# [BRIEF]
Give back every record word for word, but keep the pictures out.

# [DATA FOR THIS EXERCISE]
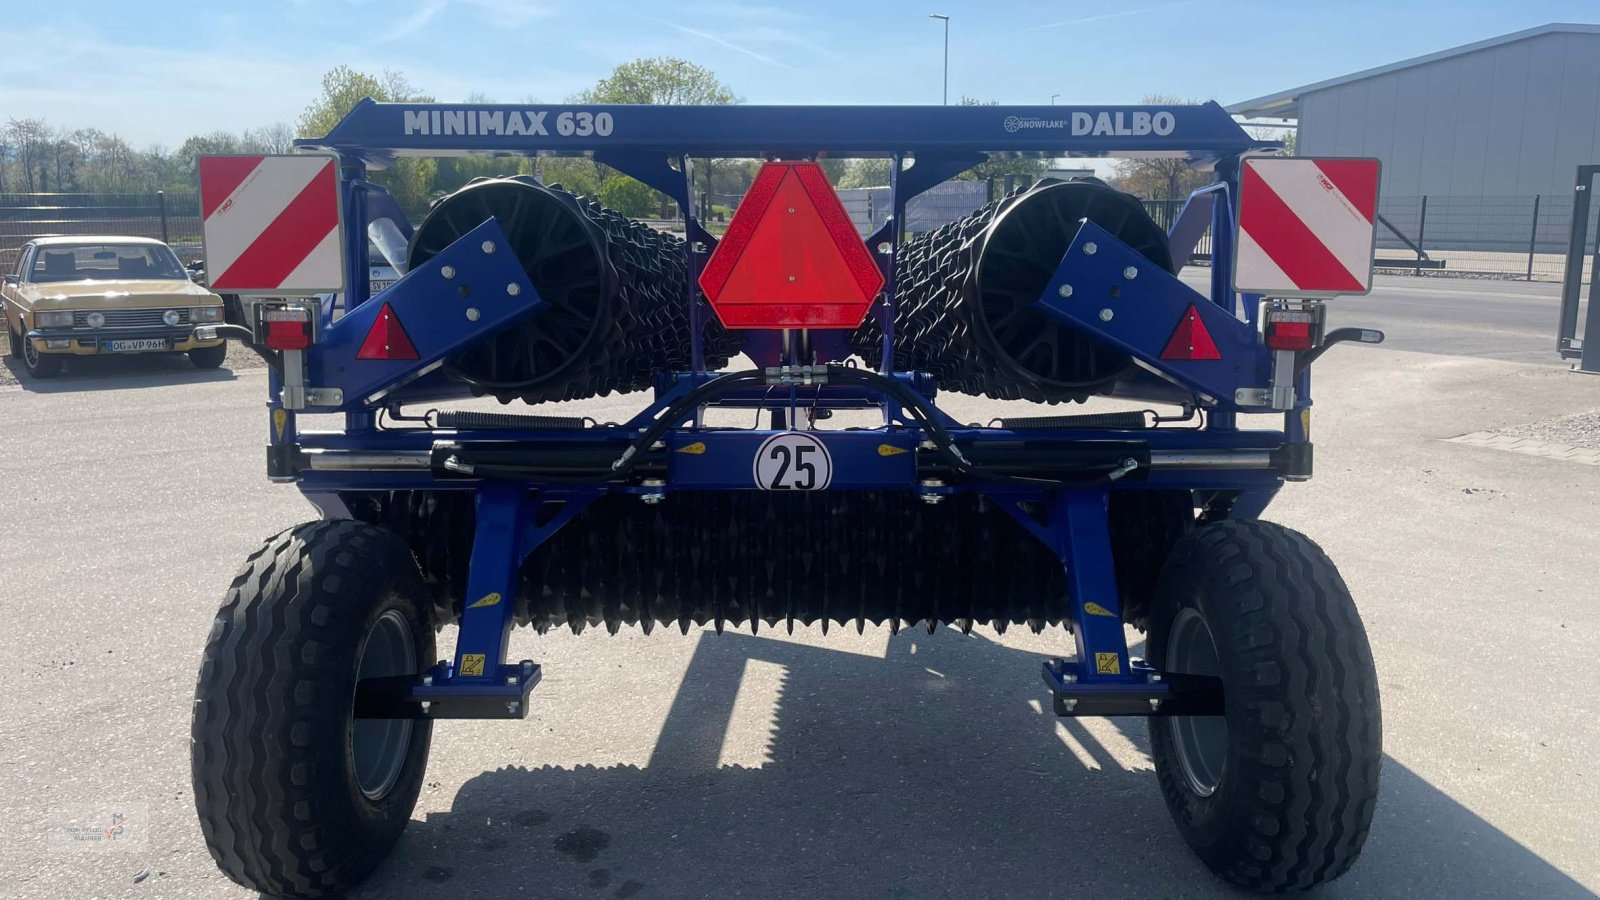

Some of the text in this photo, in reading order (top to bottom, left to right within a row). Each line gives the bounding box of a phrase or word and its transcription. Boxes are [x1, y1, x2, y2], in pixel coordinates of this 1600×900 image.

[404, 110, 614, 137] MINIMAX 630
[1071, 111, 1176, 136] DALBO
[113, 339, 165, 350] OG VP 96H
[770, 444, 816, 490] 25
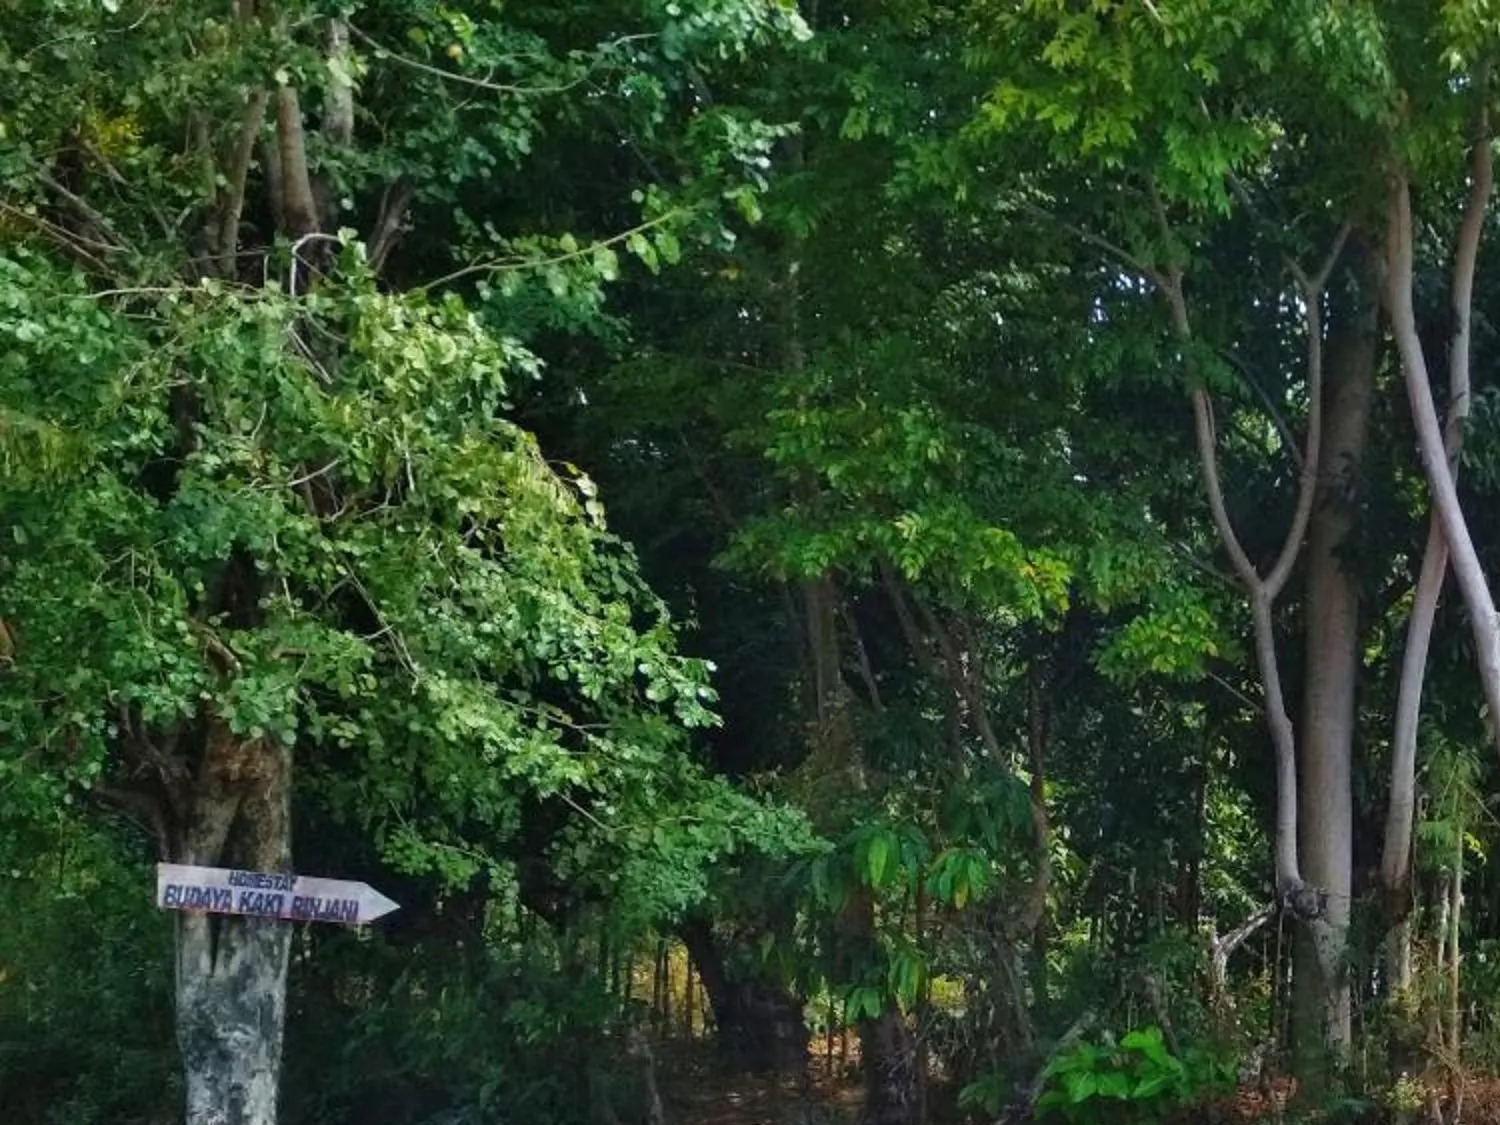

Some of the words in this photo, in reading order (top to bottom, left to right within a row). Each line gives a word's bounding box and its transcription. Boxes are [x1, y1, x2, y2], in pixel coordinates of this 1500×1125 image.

# [ANSWER FOR THE TASK]
Some of the text in this photo, in reading order (top to bottom, left to right within a row). Each line gives the bounding box of a phrase or word and its transcription. Boxes are [x1, y1, x2, y2], in pixel coordinates of this 1600×900 image.

[404, 110, 614, 137] MINIMAX 630
[1071, 111, 1176, 136] DALBO
[113, 339, 165, 350] OG VP 96H
[770, 444, 816, 490] 25

Some of the words in this photo, in reading order (top to bottom, left to right within a row). Each line gives a word's bounding box and its transcription. Boxes are [x1, y1, x2, y2], in pixel coordinates of this 1500×1125 image.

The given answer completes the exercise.